XVII, mort en prison, au

compte de la royauté, n’a point cessé de régner.

Vous connaissez le cri de la monarchie française : Le roi est mort : vive le roi ! Le roi Louis XVI est mort : vive le roi Louis XVII ! Le roi Louis XVII est mort : vive le roi Louis XVIII ! Le régent ne succède pas à son frère, il succède à son neveu.

– Singulier règne, dit le chouan en haussant les épaules, que celui de ce pauvre enfant. Règne pendant lequel on a guillotiné son père, sa mère et sa tante, règne pendant lequel il a été prisonnier au Temple et a eu pour professeur un savetier ! Je vous l’avouerai, mon cher comte, le parti auquel je me suis donné corps et âme a parfois des aberrations qui m’épouvantent. Ainsi, supposez – Dieu nous en garde ! – que Sa Majesté Louis XVIII ne monte sur le trône que dans douze ou quinze ans, il aura donc régné, ces douze ou quinze années-là, sur la France, quel que soit le coin du monde qu’il aura habité ?

588

– Parfaitement !

– C’est absurde ! Mais pardon, je suis un paysan. Je n’ai pas besoin de comprendre. La royauté est ma seconde religion, et, pour celle-là, comme pour la première, j’ai la foi.

– Vous êtes un brave cœur, général, dit Morgan, et, que nous nous revoyions ou que nous ne nous revoyions pas, je vous demande votre amitié. Si nous ne nous revoyons pas, c’est que j’aurai été tué, fusillé ou guillotiné. Dans ce cas-là, de même que mon frère aîné a hérité de la vengeance de mon père, de même que j’ai hérité de la vengeance de mon frère aîné, mon jeune frère héritera de ma vengeance, à moi... Si la royauté, grâce au sacrifice que nous lui aurons fait, est sauvée, nous serons des héros. Si, malgré ce sacrifice, elle est perdue, nous serons des martyrs. Vous voyez que, dans l’un ou l’autre cas, nous n’aurons rien à regretter.

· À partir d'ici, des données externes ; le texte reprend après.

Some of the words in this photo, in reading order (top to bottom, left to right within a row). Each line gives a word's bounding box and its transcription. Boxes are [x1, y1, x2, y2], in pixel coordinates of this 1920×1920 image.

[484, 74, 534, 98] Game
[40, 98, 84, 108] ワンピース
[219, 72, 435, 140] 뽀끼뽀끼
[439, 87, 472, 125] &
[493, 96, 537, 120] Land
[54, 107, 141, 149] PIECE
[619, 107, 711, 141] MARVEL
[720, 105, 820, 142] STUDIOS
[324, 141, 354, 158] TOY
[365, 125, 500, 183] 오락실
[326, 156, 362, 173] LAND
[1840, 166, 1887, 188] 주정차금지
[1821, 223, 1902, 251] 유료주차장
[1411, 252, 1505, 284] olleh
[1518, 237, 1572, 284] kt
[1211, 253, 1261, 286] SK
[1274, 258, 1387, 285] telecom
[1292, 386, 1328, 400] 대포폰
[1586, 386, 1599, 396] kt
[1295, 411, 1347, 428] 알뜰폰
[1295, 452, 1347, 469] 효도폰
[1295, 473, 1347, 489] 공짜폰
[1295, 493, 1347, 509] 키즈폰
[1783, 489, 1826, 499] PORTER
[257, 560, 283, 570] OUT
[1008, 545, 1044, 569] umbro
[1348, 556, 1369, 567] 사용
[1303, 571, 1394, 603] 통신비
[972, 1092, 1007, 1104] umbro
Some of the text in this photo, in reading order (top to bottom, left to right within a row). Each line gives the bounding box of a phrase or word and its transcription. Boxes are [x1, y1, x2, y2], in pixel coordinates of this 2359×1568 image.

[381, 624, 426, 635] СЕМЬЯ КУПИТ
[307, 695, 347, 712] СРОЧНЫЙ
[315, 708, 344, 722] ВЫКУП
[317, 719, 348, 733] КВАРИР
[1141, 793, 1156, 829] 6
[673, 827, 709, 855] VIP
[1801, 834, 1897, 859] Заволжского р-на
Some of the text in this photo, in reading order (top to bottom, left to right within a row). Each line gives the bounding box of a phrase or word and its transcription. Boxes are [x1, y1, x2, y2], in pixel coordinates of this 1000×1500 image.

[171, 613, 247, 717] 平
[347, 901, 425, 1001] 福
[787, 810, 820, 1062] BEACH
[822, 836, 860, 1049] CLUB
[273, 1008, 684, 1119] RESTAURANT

Le chouan resta un instant muet.

Puis, plongeant profondément son regard dans les yeux du jeune noble :

589

– Monsieur le comte, lui dit-il, quand des hommes comme vous et moi se rencontrent et ont le bonheur de se trouver au service de la même cause, ils doivent se jurer, je ne dirai pas une amitié éternelle, car peut-être le gentilhomme hésiterait-il à descendre jusqu’au paysan, mais une inaltérable estime. Monsieur le comte, recevez l’assurance de la mienne.

– Général, dit Morgan, les larmes aux yeux, j’accepte l’estime, et je vous offre plus que l’amitié, je vous offre la fraternité.

Les deux jeunes gens se jetèrent dans les bras l’un de l’autre et se pressèrent mutuellement sur le cœur, comme ils eussent fait dans l’étreinte d’une vieille amitié.